Timur was the last, great nomadic conqueror of the Eurasian Steppe conquering more than anyone else except for Alexander the Great.

This was the domain of the brutal & ingenious warlord, Timur, the 14th century Turco-Mongol military leader who conquered most of the Muslim world, central Asia and parts of India. His armies murdered tens of thousands during their campaigns. Timur was a man of many appetites with his 43 legitimate wives and concubines. His empire rivalled the size and power of the Mongolian domain forged by Genghis Khan a century earlier.

As Iain Shearer spoke of the Timurid Dynasty and Genghis Khan and showed us murals of Timur feasting in his pleasure garden, I thought of Samuel Taylor Coleridge’s poem, Kubla Khan, said to be written after waking from an opium-influenced dream. The speaker envisions the landscape surrounding the Mongol ruler’s summer palace called Xanadu, describing its beauty, pleasure and violence. Samarkand’s landscape runs similarly:

” … through wood and dale the sacred river ran, then reached the caverns measureless to man, and sank to a lifeless ocean; It was a miracle of rare device, a sunny pleasure dome with caves of ice! That sunny dome! Those caves of ice! And all who heard should see them there and all should cry, Beware! Beware! His flashing eyes, his floating hair! Weave a circle round him thrice, and close your eyes with holy dread for he on honey-dew hath fed, and drunk the milk of Paradise.” Extract from Kubla Khan

Timur feasting in the garden at Samarkand

The earthquake-prone Samarkand is a city of coups, concubines, magnificent mausoleums, mulberry tree-lined streets, the semi-precious gemstone, Lapis Lazuli (the prized cobalt metamorphic rock meaning sky stone) and balloon-domed mosques with their papier-mâché inner domes of blue and gold.

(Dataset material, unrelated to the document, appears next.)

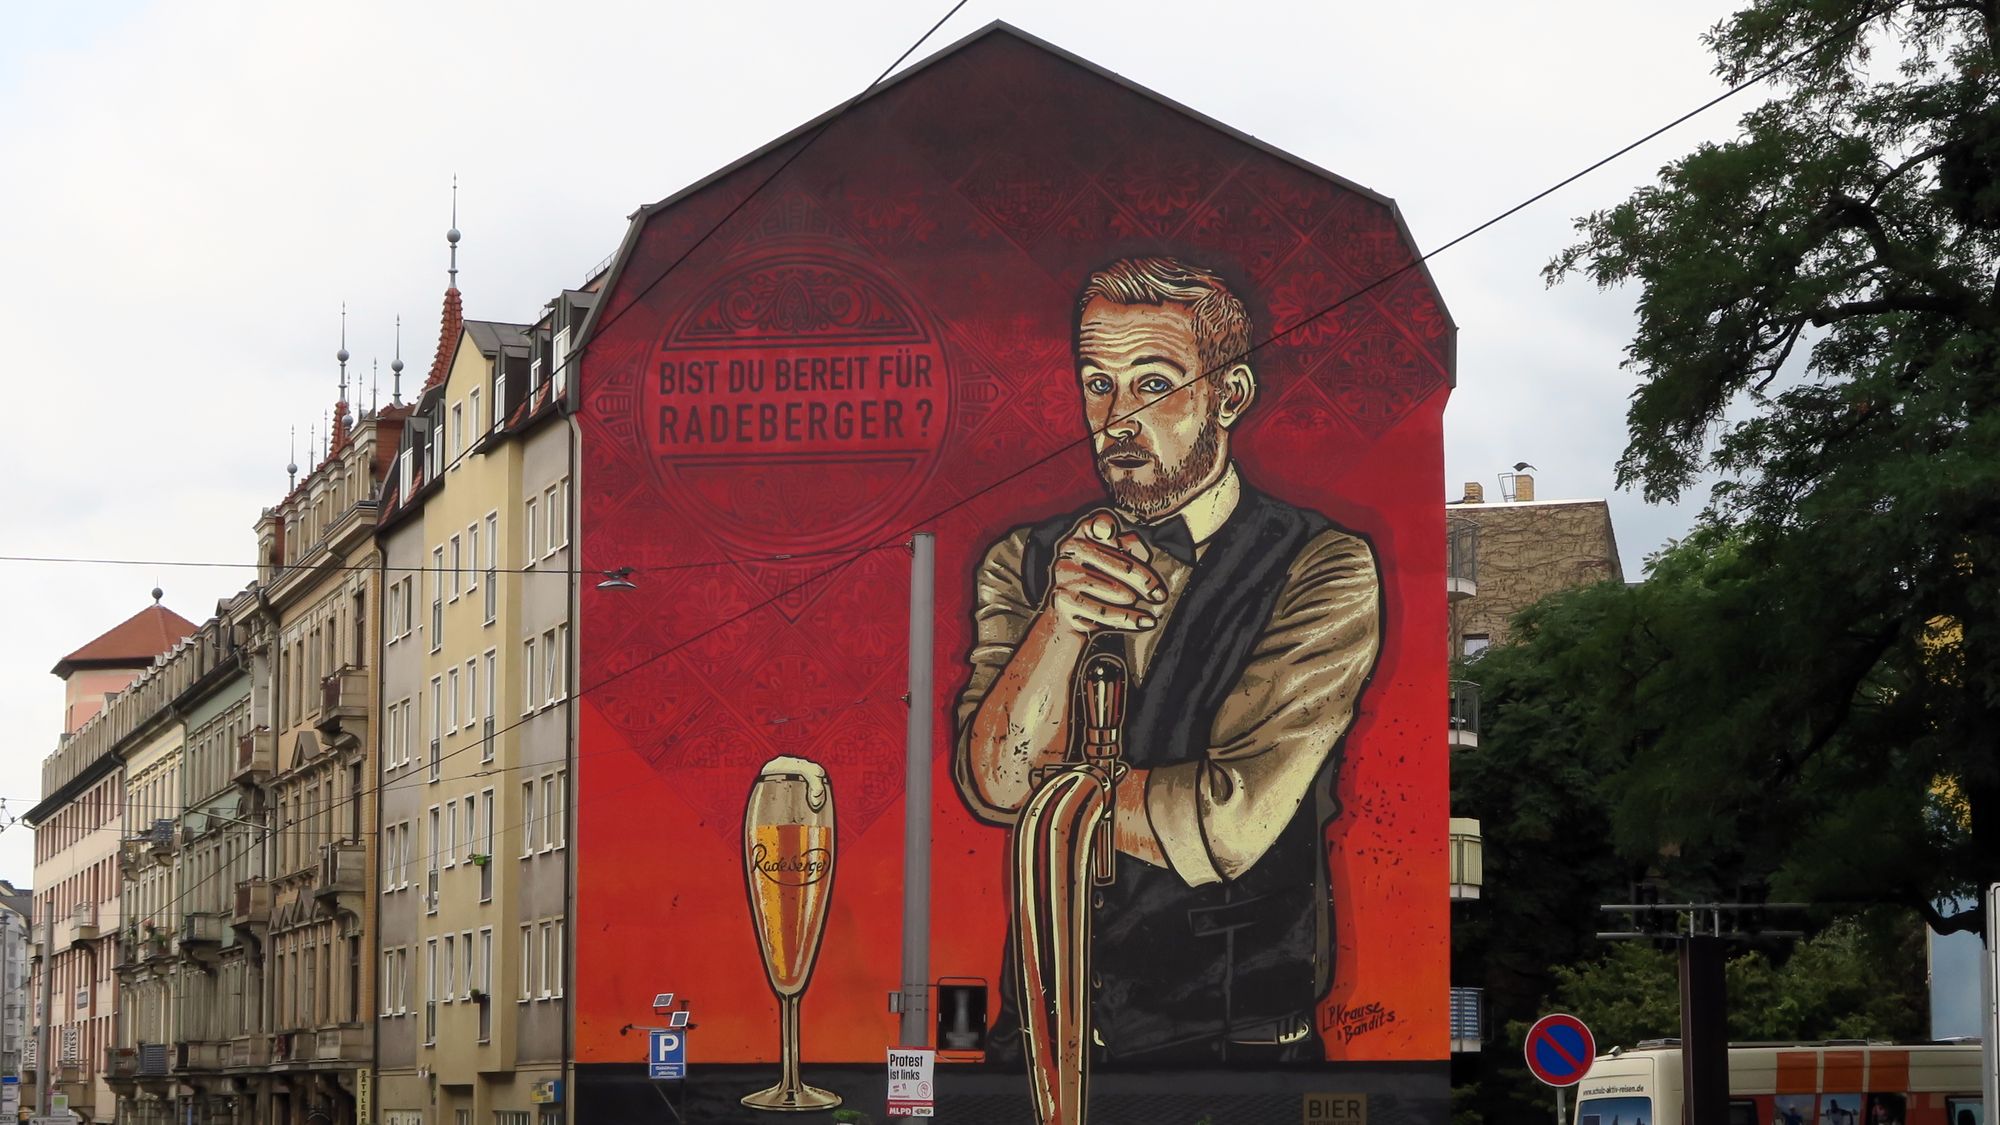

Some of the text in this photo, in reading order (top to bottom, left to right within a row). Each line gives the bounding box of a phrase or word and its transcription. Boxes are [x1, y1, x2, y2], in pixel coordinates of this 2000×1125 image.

On a journey to Damascus, Timur was lowered down the city walls in a basket – he did a deal there and then sacked the city, taking all the treasures and craftsmen back to Samarkand. He then built a small village called Damascus in the parklands surrounding the city.

Gur-e Amir: Timur’s resting place – ‘minaret’ comes from the Arabian ‘manara’ – a place of fire, lighthouse. Many minarets were crowned by wooden lanterns.

Ulugh Beg (the astronomer king) was the grandson of the great Timur. As well as his interest in the Arts, he was an astronomer and mathematician. Taken by his grandfather to an observatory in Iran, he was taught by the great astronomers of the age. Later he built a magnificent observatory in Samarkand between 1424 and 1429. Ulugh Beg dedicated much of his private life to expanding the work of Ptolemy in creating a star map of the sky. His observatory was considered one of the world’s finest. Inside were 50 rooms and four lecture halls. He gave scholarships to children and offered free education for girls. He transformed Samarkand into a cultural centre of learning. His free thinking as well as his lack of governance skills saw him murdered by his own son. His head was sent back to the city and his observatory was destroyed by fanatics, but his star map was secreted to Constantinople where it was published in Latin and hence published across the Islamic world.

Part of Ulugh Beg’s observatory
Ulugh Beg Medressah on Registan Square – notice the unusual tiled constellations on the facade (pishtaq)

Bibi Khanum is another fascinating figure of the time. As one of Timur’s wives (and a maternal and paternal descendant of Genghis Khan), she was a skilled politician. She dined with men and provided excellent advice. Timur built a magnificent mosque in her honour. He brought in architects from Iran and India (he sacked Delhi in 1398) and used 95 elephants to haul construction material. As had become typical of Timur’s buildings, there was the abundant use of tile work on the exterior surfaces. Ravaged by earthquakes and time, it was restored by the Soviets in the mid 20th century.

Fluted dome of the restored Bibi Khanum Mosque

This is only the essence of Iain Shearer’s commentary and virtual tour of Samarkand, but it has primed my interest in the hope that one day I will be able to wander the streets of Samarkand and experience its historical wonder and enchantment.